Supervised Learning
What is Supervised Learning?
Supervised learning is a type of machine learning where Edge AI systems are trained on labeled data to predict outcomes or classify information accurately. Also known as guided learning, it enables AI models to make precise, data-driven decisions directly on edge devices without cloud dependency.
Why Is It Used?
Supervised learning is used in Edge AI to enable real-time, intelligent decision-making for tasks such as anomaly detection, predictive maintenance, and image recognition. It ensures AI systems perform reliably in latency-sensitive and bandwidth-constrained environments.
How Is It Used?
Collect labeled datasets from sensors, cameras, or IoT devices.

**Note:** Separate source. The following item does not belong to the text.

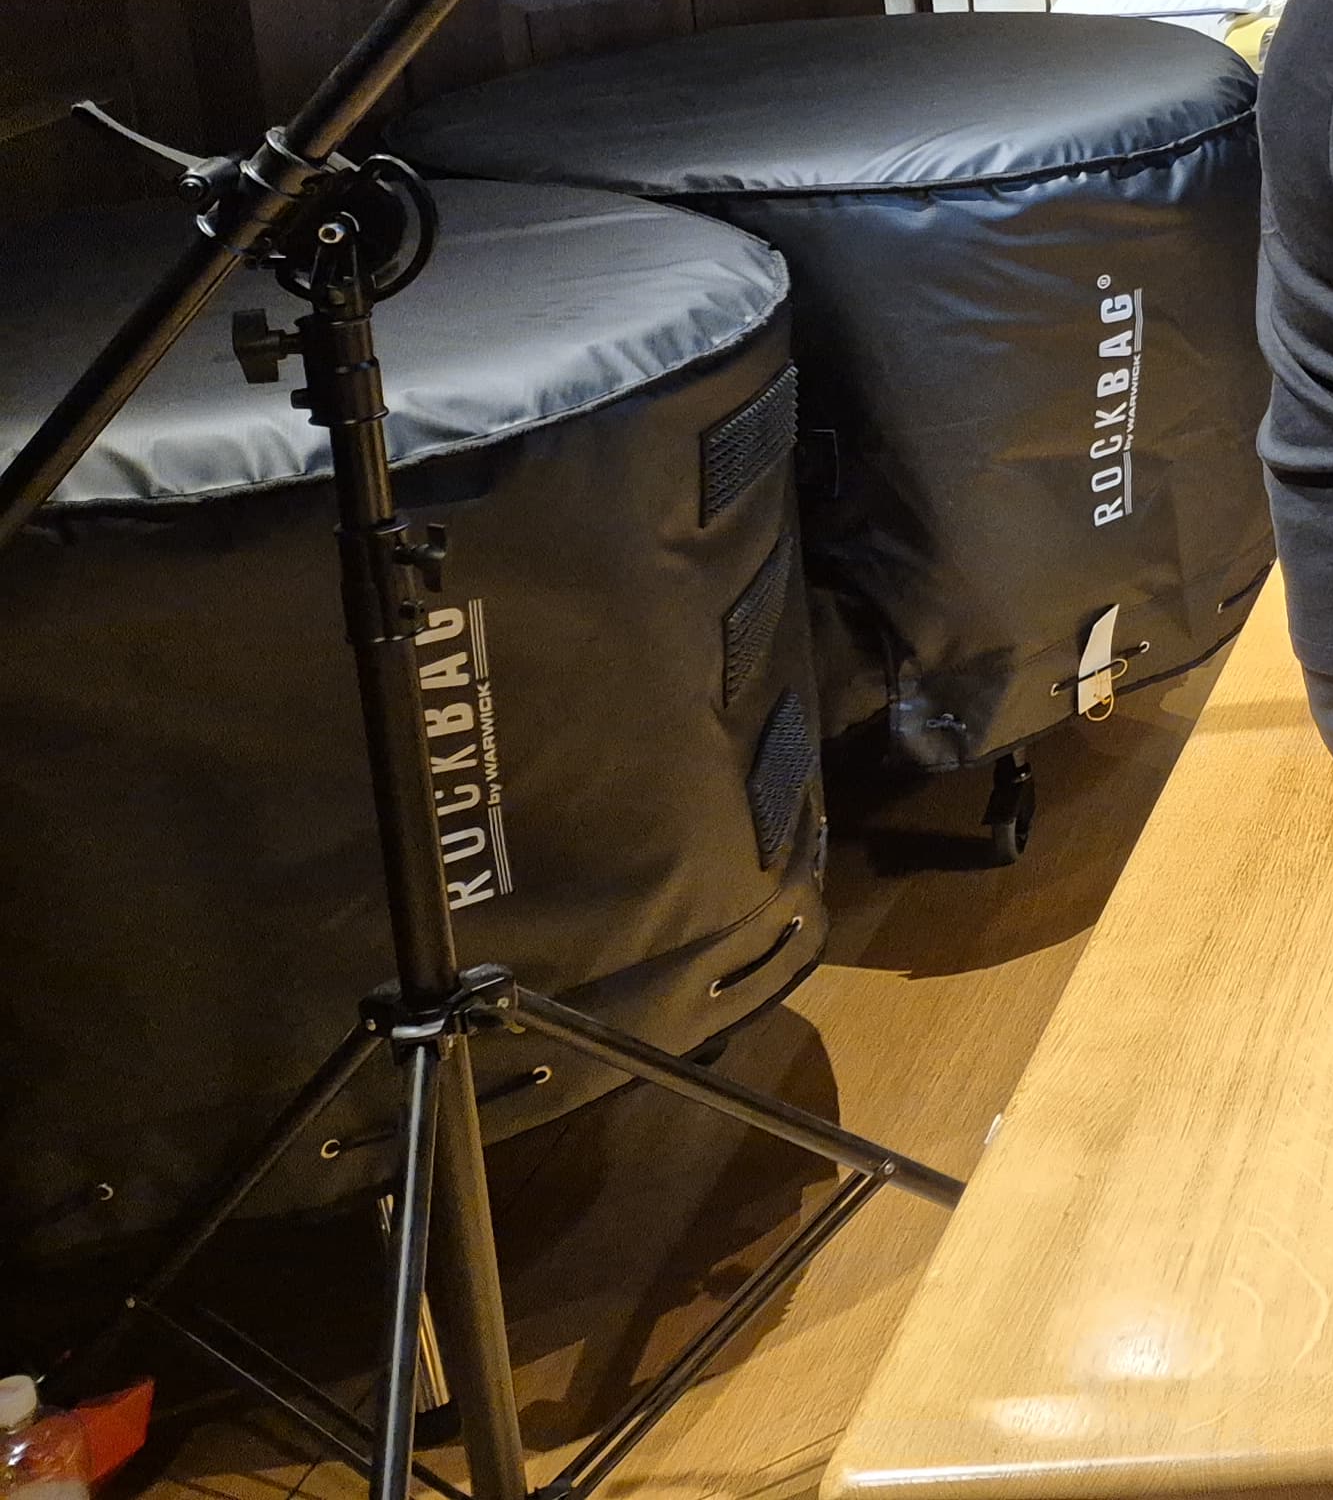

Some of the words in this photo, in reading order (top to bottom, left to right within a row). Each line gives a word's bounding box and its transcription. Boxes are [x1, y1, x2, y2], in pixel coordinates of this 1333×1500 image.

[1128, 353, 1141, 431] WARWICK
[477, 681, 498, 782] WARWICK
[488, 783, 502, 805] by

Train models locally or via hybrid edge-cloud frameworks.
Deploy trained models on edge devices for immediate inference.
Continuously update models with new labeled data for improved accuracy.
Types of Supervised Learning
Regression: Predicts continuous values (e.g., temperature, vibration levels).
Classification: Categorizes inputs into predefined classes (e.g., defect detection, object recognition).
Benefits of Supervised Learning
Low Latency: Instant predictions at the edge.
Data Privacy: Sensitive data stays local.
Bandwidth Efficiency: Reduces cloud dependency.
High Accuracy: Models learn from labeled, validated data for precise outcomes.